Closed draggett closed 8 years ago
I'd like to propose that (1)the workflow of discovery, register/unregister proxy and so on according to TD, (2)how to bind this workflow to referenced protocol including Pub/Sub model will be described in WG architecture document in detail which will be lead by WG discussion.
The abstract model of the Web of Things is described in Issue120. This issue discusses the binding of abstract messages to protocols and communication patterns. The protocol bindings can be described in terms of a mapping to a set of abstract messages:
Asynchronous Messaging Protocols This is a class of protocols that allow either party to send asynchronous messages to the other party. One example uses JSON over WebSockets. This is valuable for human machine interfaces using Web browsers, which restrict web page scripts to a very small set of protocols (HTTP, WebSockets and WebRTC). The mapping from an abstract message to a JSON message over WebSockets is straightforward, e.g. one to one, using strings for thing identifiers.
REST based Protocols
For these protocols, e.g. HTTP and CoAP, abstract messages are mapped into GET, PUT, POST, PATCH and DELETE requests to specific URLs. The servers for these protocols expose a hierarchy of resources as URL paths. In keeping with Roy Fielding's principles for representational state transfer, GET is used to retrieve the full state of the given resource, PUT to update the full state of the given resource. POST can be used to create a new resource, DELETE to delete a resource, and PATCH to update part of the state of a resource.
This leaves the freedom to decide whether a single resource corresponds to a given thing, or to a property of that thing. In the former case GET and PUT transfer the complete set of properties for a thing. In the latter case the mapping from a property path to the URL path for the corresponding resource may involve a simple transformation that is the same for all of the properties. Alternatively, the mapping has to be defined explicitly for each property.
Events and action responses are asynchronous. One way to handle this is to pass a URI for the HTTP server to post the event or response to. Another is for an HTTP server to keep the connection open and send the responses as a stream. The challenge here is what to do when a connection is closed somewhere along the line, e.g. by a firewall or HTTP proxy server. This makes it worthwhile to utilise a call id so that a client can poll the HTTP server in the connection closes prematurely. CoAP can be considered as equivalent to HTTP but running over UDP rather than TCP. CoAP allows clients to request a stream of responses via setting the Observe header.
There are a number of existing approaches to formally describing REST based services. One of these uses RAML and JSON Schema. I think of a lot of the complexity can be avoided through the separation of declaring the application data and interaction model, and the bindings to specific protocols. This is something to show practically through demos.
Pub/Sub Protocols
This includes protocols such as MQTT, XMPP and AMQP. MQTT routes messages via brokers to clients who have expressed interest in particular message topics.

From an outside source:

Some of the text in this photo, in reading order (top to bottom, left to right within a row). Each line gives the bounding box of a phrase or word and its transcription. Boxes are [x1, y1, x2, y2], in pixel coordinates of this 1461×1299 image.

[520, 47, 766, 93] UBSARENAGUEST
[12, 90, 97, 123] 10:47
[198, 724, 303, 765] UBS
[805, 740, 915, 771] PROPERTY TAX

This works well when there are many clients interested in receiving sensor data. It doesn't work so well for actions where the responses need to be routed to the specific client that invoked the action. This suggests the need for a triple of topic names. One topic for routing messages to the IoT device, the second for routing messages to a specific client, and the third for routing events and property updates to all clients with proxies for the thing created by the IoT device.
Streams
A common case is where readings from one or more sensors need to be buffered and transferred as a block. This block needs to be associated with metadata sufficient to separate out each of the constituent readings. Another case is where a time sequence of values is sent to control an actuator, e.g. the joints in a manufacturing robot's arm. IoT devices may not have real-time clocks with which to provide date stamps for sensor readings. In such cases, a gateway may be able to add these if needed. Gateways may further combine streams from different sources as appropriate.